WHAT YOU WILL DO
As output, give the exact lines from the one containing "this 2000×1333 image." through the end of the listing below, both included, without the pictures.

+++

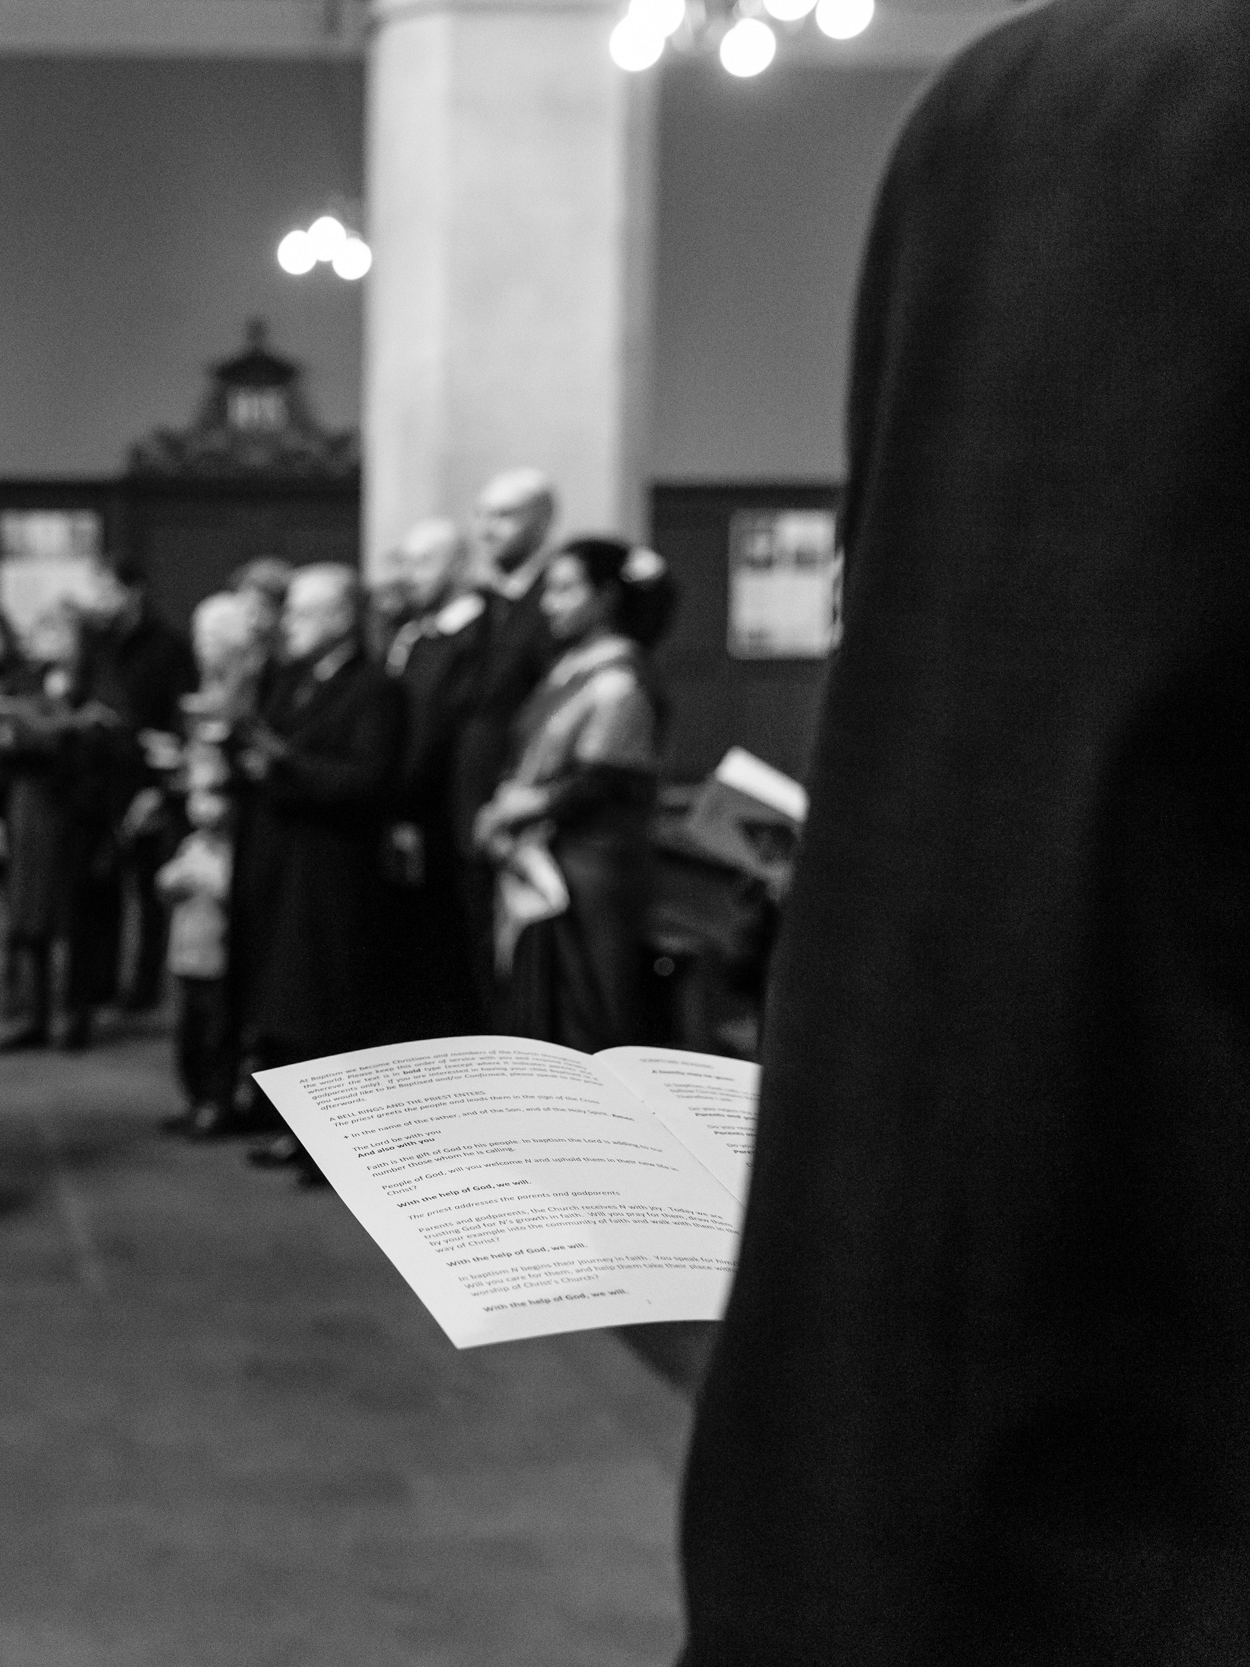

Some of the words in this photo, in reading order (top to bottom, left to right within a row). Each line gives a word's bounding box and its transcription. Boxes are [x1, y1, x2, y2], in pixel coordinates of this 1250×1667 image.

[351, 1114, 373, 1124] priest
[376, 1110, 402, 1118] greets
[419, 1102, 446, 1110] people
[357, 1106, 384, 1114] RINGS
[370, 1139, 389, 1147] Lord
[366, 1162, 389, 1170] Faith
[372, 1165, 405, 1177] number
[407, 1159, 432, 1167] those
[381, 1180, 412, 1190] People
[386, 1185, 416, 1195] Christ?
[396, 1199, 420, 1207] With
[426, 1206, 451, 1216] priest
[454, 1199, 498, 1209] addresses
[418, 1222, 453, 1232] Parents
[423, 1228, 460, 1239] trusting
[515, 1215, 548, 1223] growth
[466, 1228, 505, 1238] example
[468, 1236, 499, 1246] Christ?
[469, 1269, 509, 1279] baptism
[470, 1286, 509, 1296] worship
[523, 1279, 559, 1288] Christ's
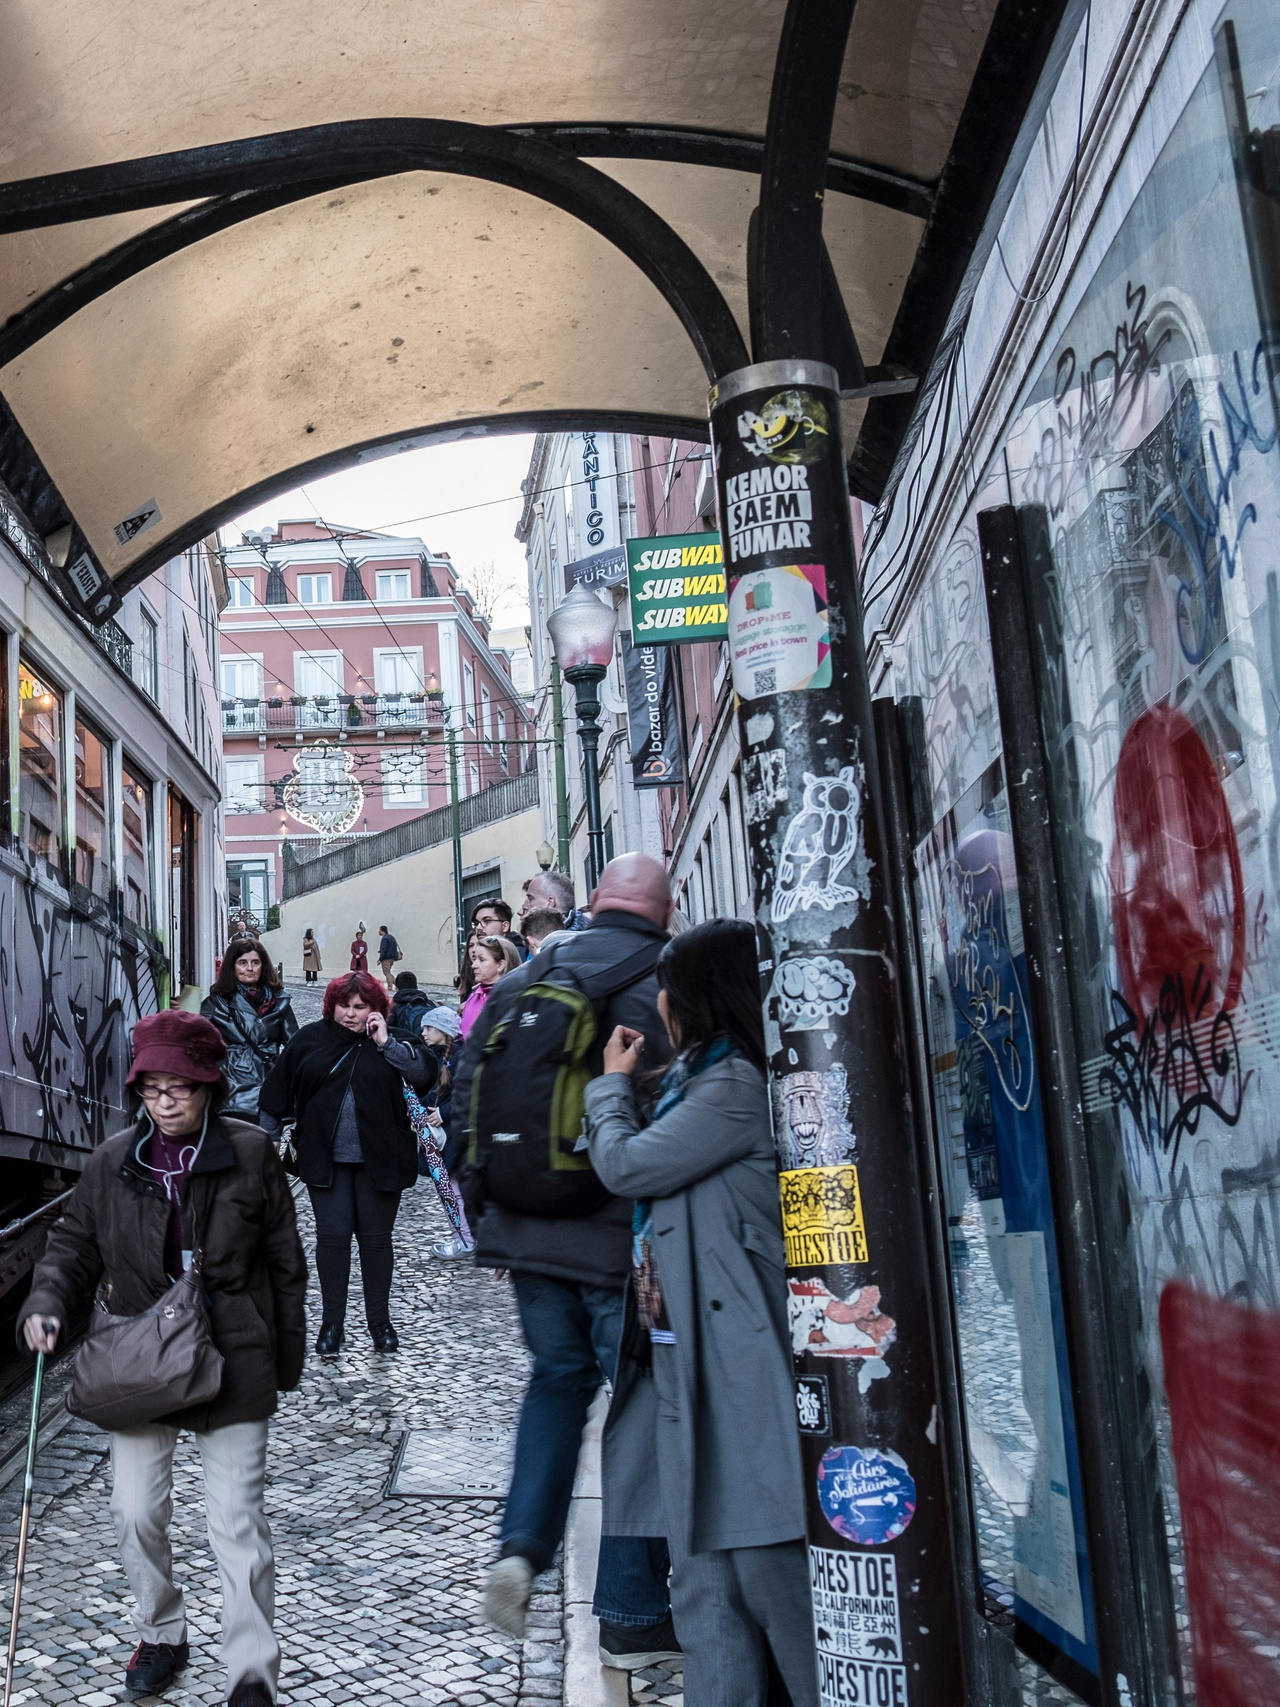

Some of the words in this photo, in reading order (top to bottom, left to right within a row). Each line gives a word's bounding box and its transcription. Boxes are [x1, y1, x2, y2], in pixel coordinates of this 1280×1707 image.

[726, 465, 810, 505] KEMOR
[733, 499, 800, 530] SAEM
[730, 521, 812, 562] FUMAR
[573, 561, 626, 585] TURIM
[749, 641, 768, 655] price
[770, 638, 778, 646] in
[781, 636, 807, 645] town
[640, 646, 656, 679] víde
[644, 682, 658, 703] do
[649, 706, 662, 752] bazar
[829, 1475, 900, 1509] Solidaires
[825, 1593, 896, 1616] CALIFORNIANO
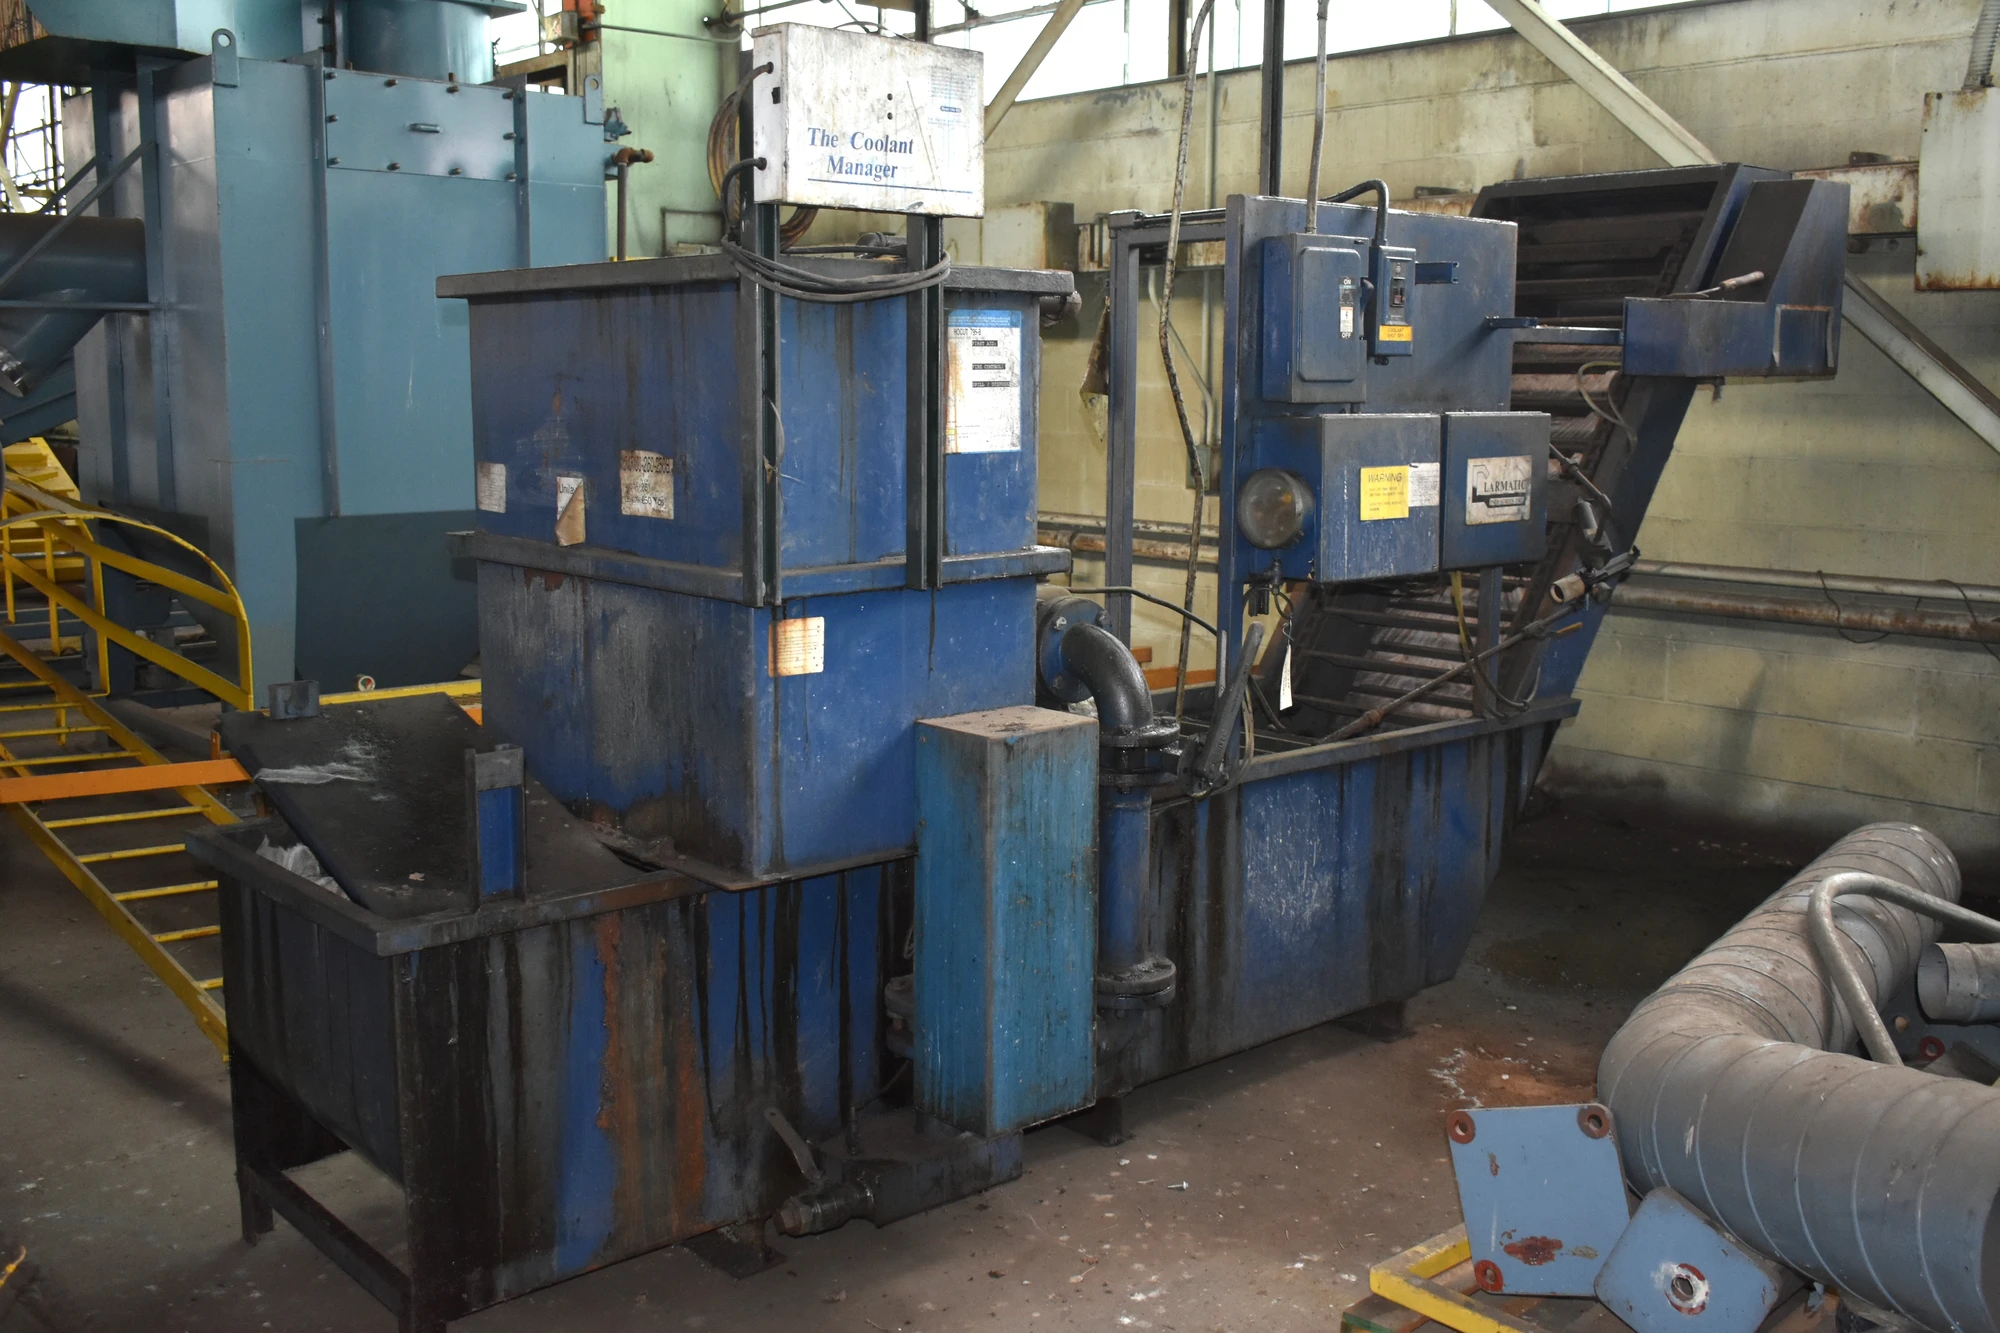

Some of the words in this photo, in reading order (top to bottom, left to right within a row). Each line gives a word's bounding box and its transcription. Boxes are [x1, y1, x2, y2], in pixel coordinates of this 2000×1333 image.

[808, 127, 839, 148] The
[850, 131, 914, 155] Coolant
[827, 155, 898, 182] Manager
[1368, 473, 1403, 483] WARNING
[559, 484, 576, 495] Unila
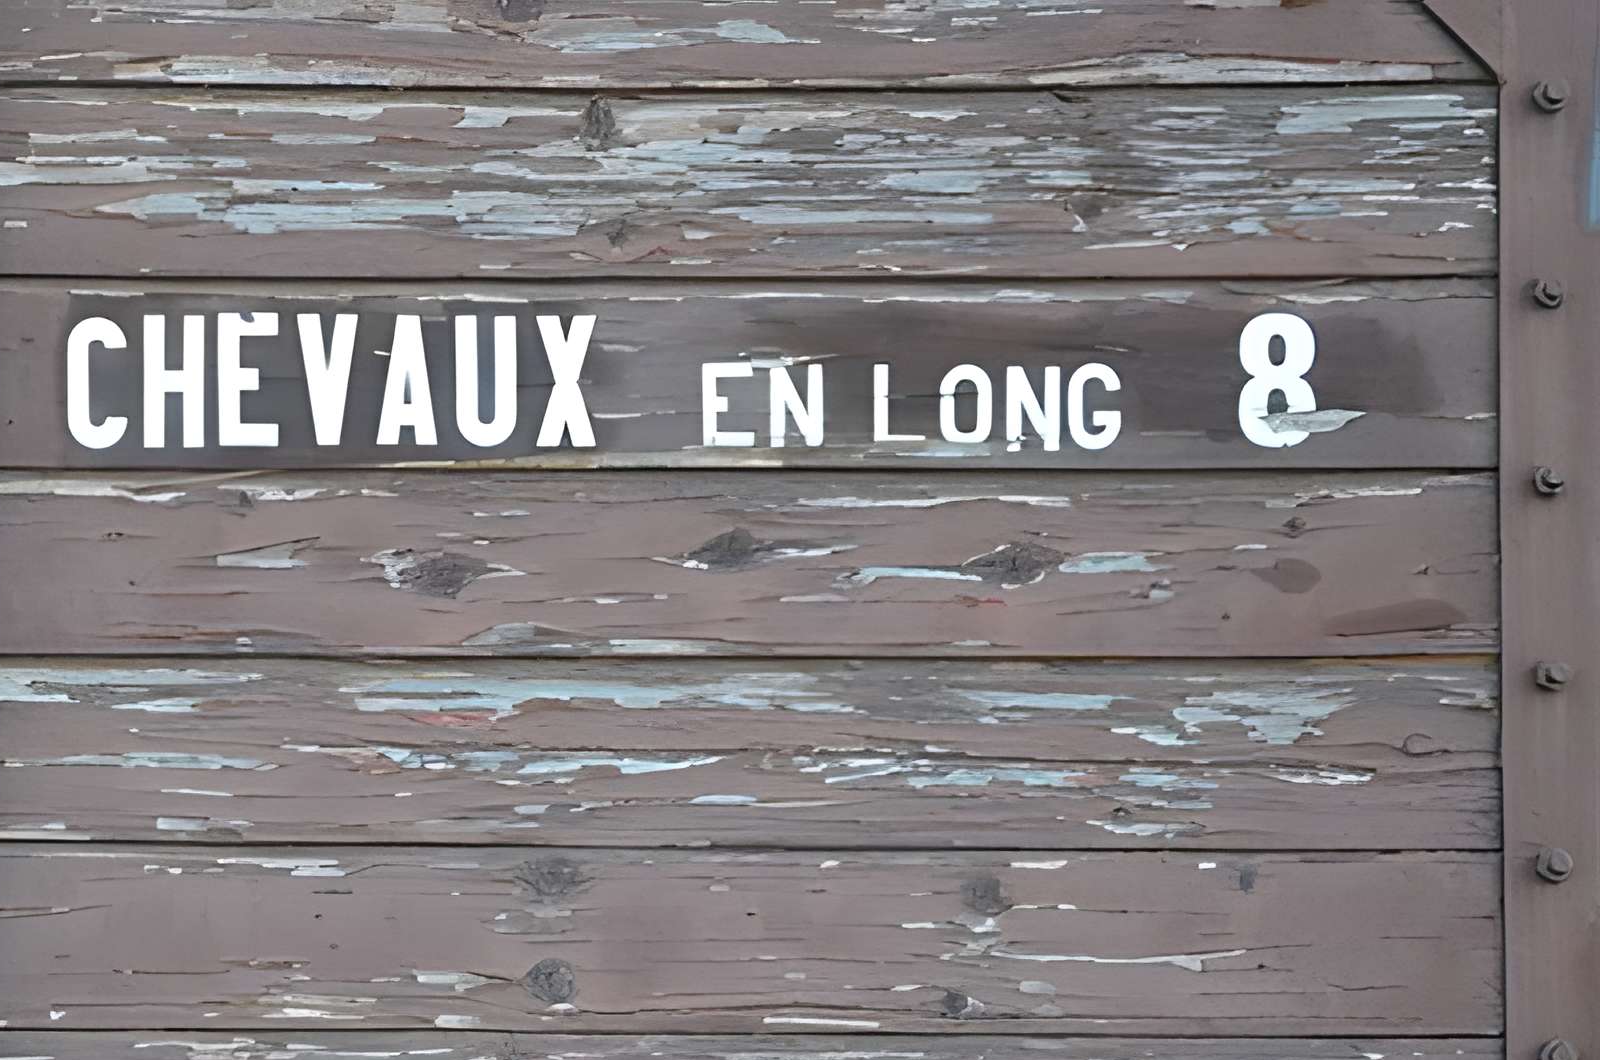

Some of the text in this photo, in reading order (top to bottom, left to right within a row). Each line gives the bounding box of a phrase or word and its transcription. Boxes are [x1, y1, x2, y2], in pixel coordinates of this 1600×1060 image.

[67, 312, 1318, 451] CHEVAUX EN LONG 8

+++

SOLUTION FOR THIS PROBLEM
Some of the words in this photo, in reading order (top to bottom, left to right within a row). Each line gives a word's bounding box and its transcription. Boxes are [x1, y1, x2, y2], in pixel coordinates of this 2000×1333 image.

[808, 127, 839, 148] The
[850, 131, 914, 155] Coolant
[827, 155, 898, 182] Manager
[1368, 473, 1403, 483] WARNING
[559, 484, 576, 495] Unila

Some of the text in this photo, in reading order (top to bottom, left to right within a row). Each line gives the bounding box of a phrase or word and its transcription. Boxes are [x1, y1, x2, y2], in pixel coordinates of this 1600×1060 image.

[67, 312, 1318, 451] CHEVAUX EN LONG 8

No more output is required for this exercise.